RECORDS SHOWN:
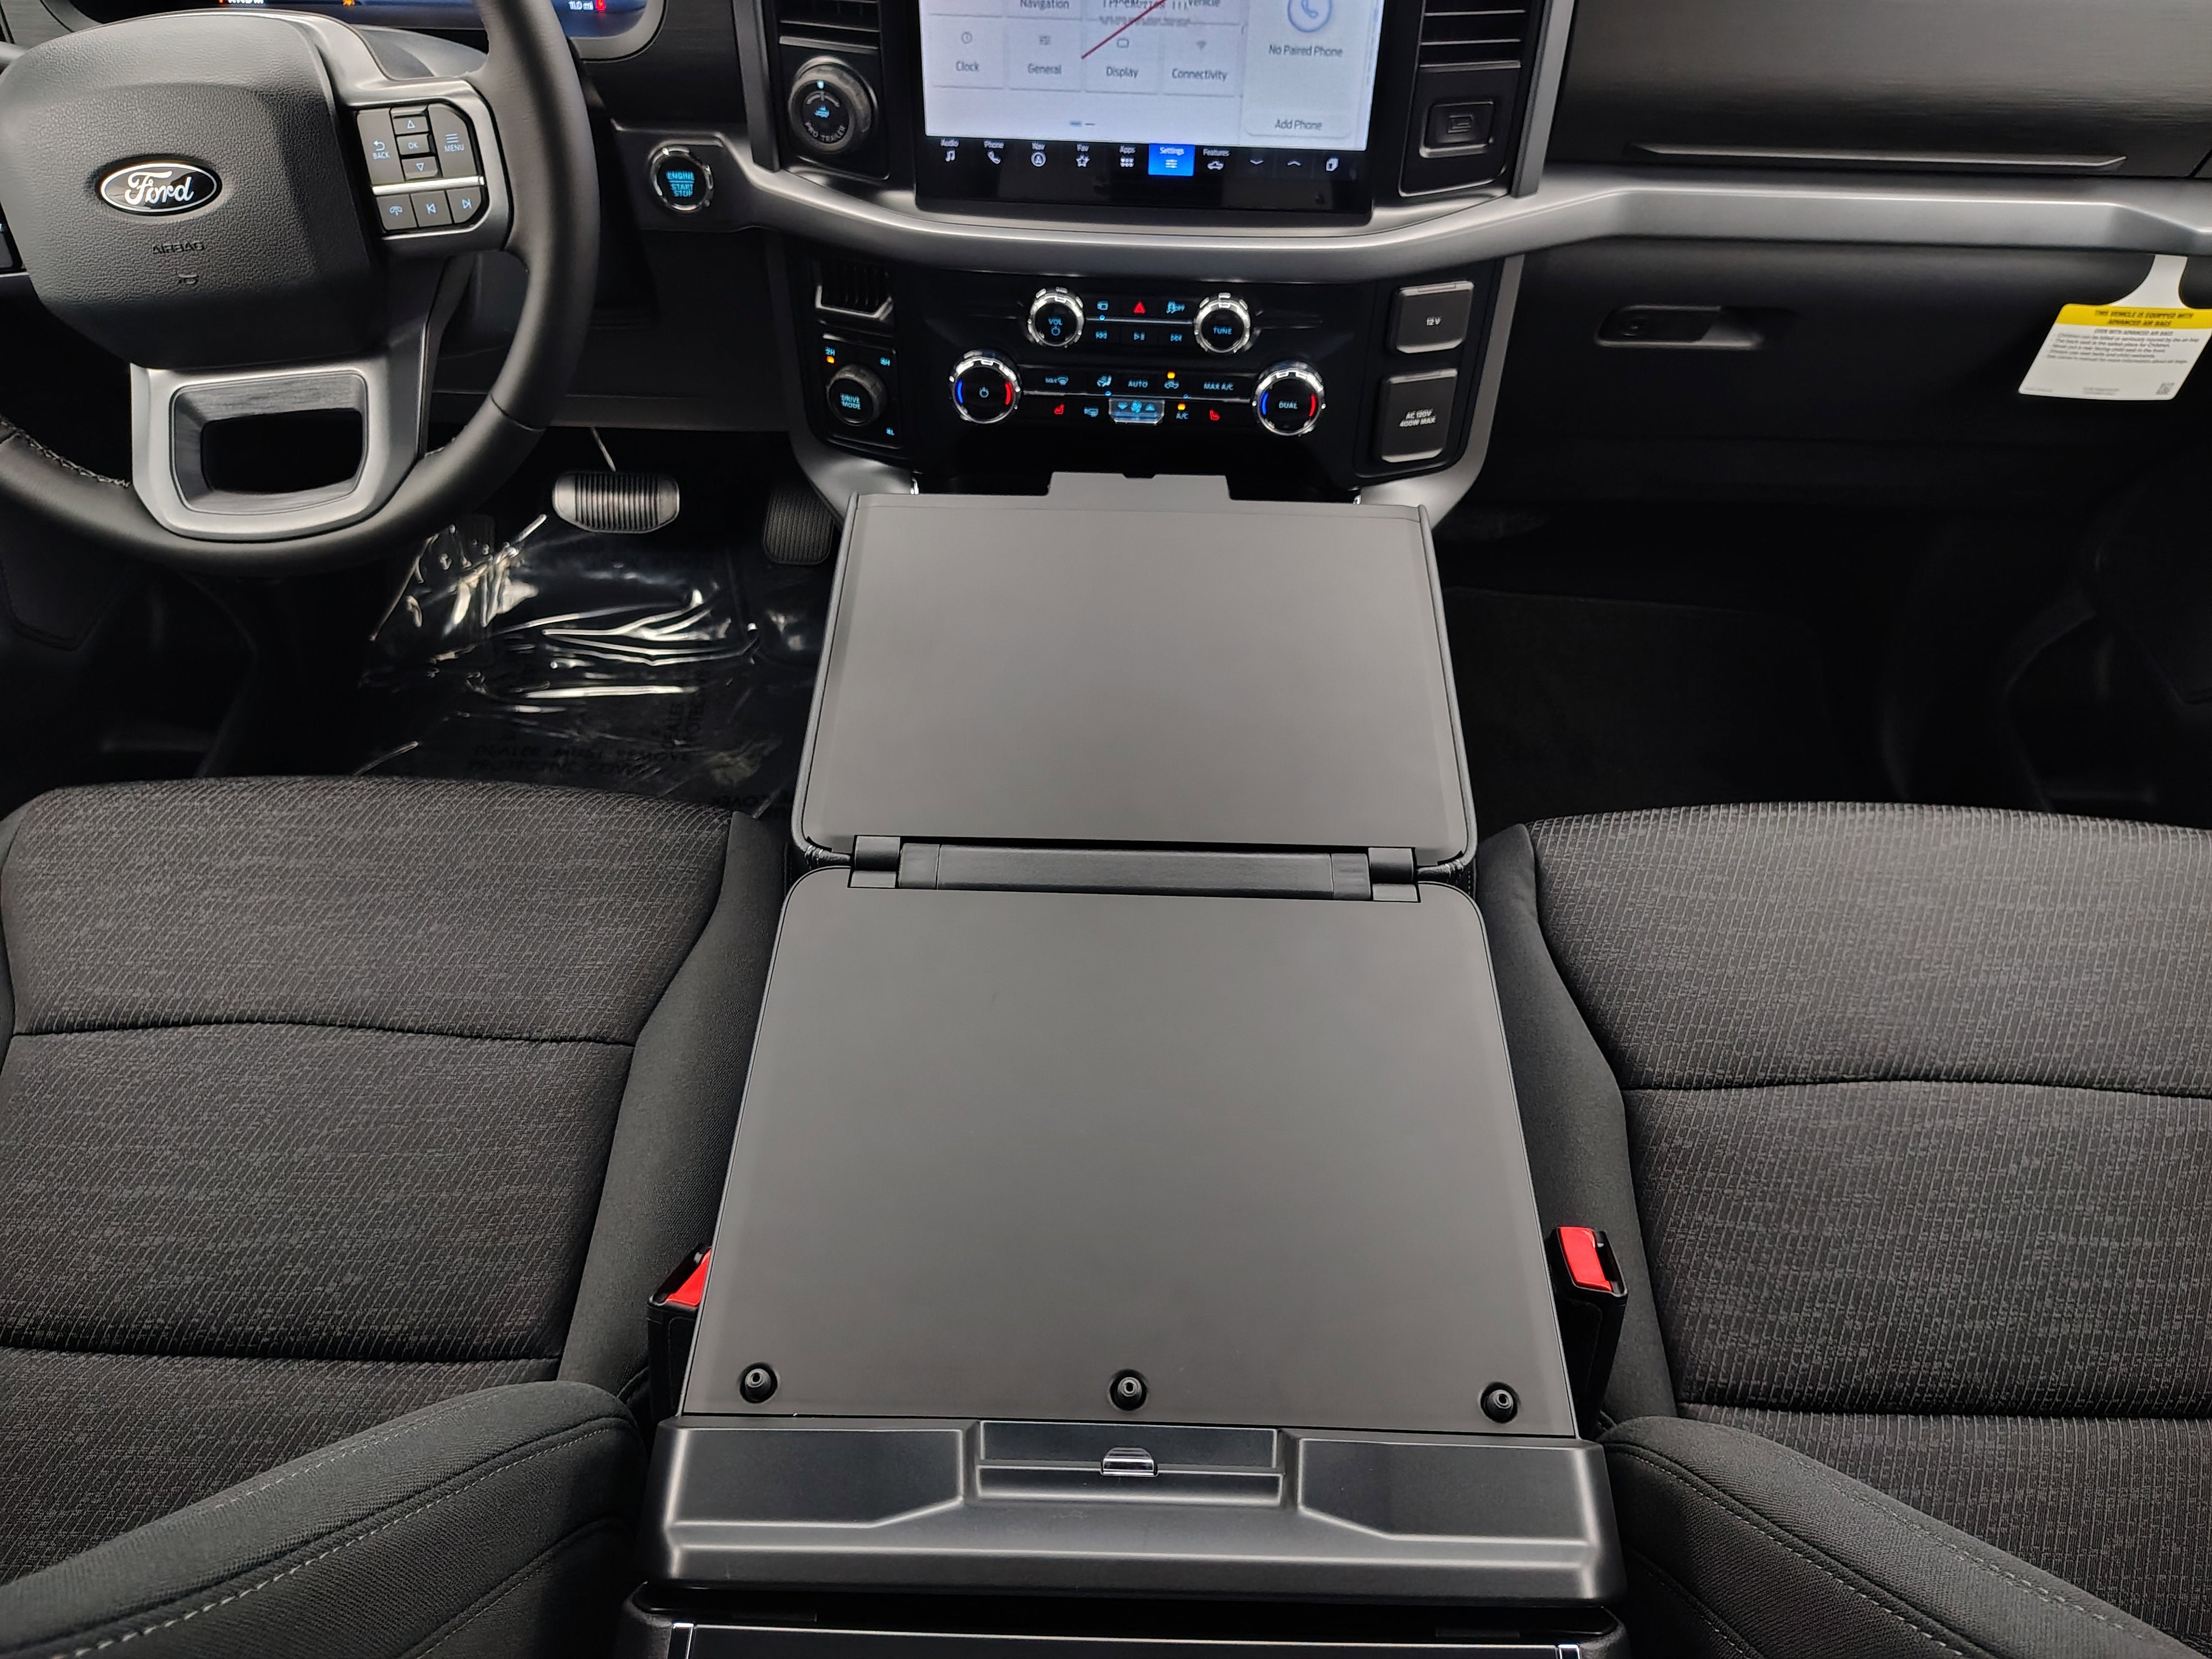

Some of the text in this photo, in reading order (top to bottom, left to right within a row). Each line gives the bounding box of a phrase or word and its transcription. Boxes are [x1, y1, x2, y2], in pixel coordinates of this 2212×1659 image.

[1020, 0, 1070, 10] Navigation
[1269, 44, 1343, 57] No Paired Phone
[955, 61, 980, 72] Clock
[1027, 64, 1062, 76] General
[1105, 66, 1139, 79] Display
[1171, 68, 1228, 82] Connectivity
[1274, 119, 1323, 131] Add Phone
[408, 141, 419, 150] OK
[444, 144, 465, 153] MENU
[373, 151, 390, 160] BACK
[1159, 146, 1185, 156] Settings
[1202, 148, 1231, 157] Features
[666, 171, 695, 180] ENGINE
[124, 171, 194, 206] Ford
[670, 183, 693, 191] START
[673, 190, 693, 198] STOP
[152, 241, 205, 255] AIRBAG
[1048, 317, 1063, 326] VOL
[1426, 316, 1442, 326] 12V
[1213, 326, 1233, 335] TUNE
[825, 346, 836, 356] 2H
[879, 357, 891, 367] 4H
[1128, 379, 1149, 388] AUTO
[1203, 381, 1235, 391] MAX A/C
[840, 393, 861, 404] DRIVE
[841, 401, 861, 410] MODE
[1278, 400, 1299, 409] DUAL

TASK GOAL: Please keep every line of the data the same when you reproduce it, and keep every picture out.

YOUR SOLUTION:
Some of the text in this photo, in reading order (top to bottom, left to right within a row). Each line gives the bounding box of a phrase or word and its transcription. Boxes are [x1, y1, x2, y2], in pixel coordinates of this 2212×1659 image.

[1020, 0, 1070, 10] Navigation
[1269, 44, 1343, 57] No Paired Phone
[955, 61, 980, 72] Clock
[1027, 64, 1062, 76] General
[1105, 66, 1139, 79] Display
[1171, 68, 1228, 82] Connectivity
[1274, 119, 1323, 131] Add Phone
[408, 141, 419, 150] OK
[444, 144, 465, 153] MENU
[373, 151, 390, 160] BACK
[1159, 146, 1185, 156] Settings
[1202, 148, 1231, 157] Features
[666, 171, 695, 180] ENGINE
[124, 171, 194, 206] Ford
[670, 183, 693, 191] START
[673, 190, 693, 198] STOP
[152, 241, 205, 255] AIRBAG
[1048, 317, 1063, 326] VOL
[1426, 316, 1442, 326] 12V
[1213, 326, 1233, 335] TUNE
[825, 346, 836, 356] 2H
[879, 357, 891, 367] 4H
[1128, 379, 1149, 388] AUTO
[1203, 381, 1235, 391] MAX A/C
[840, 393, 861, 404] DRIVE
[841, 401, 861, 410] MODE
[1278, 400, 1299, 409] DUAL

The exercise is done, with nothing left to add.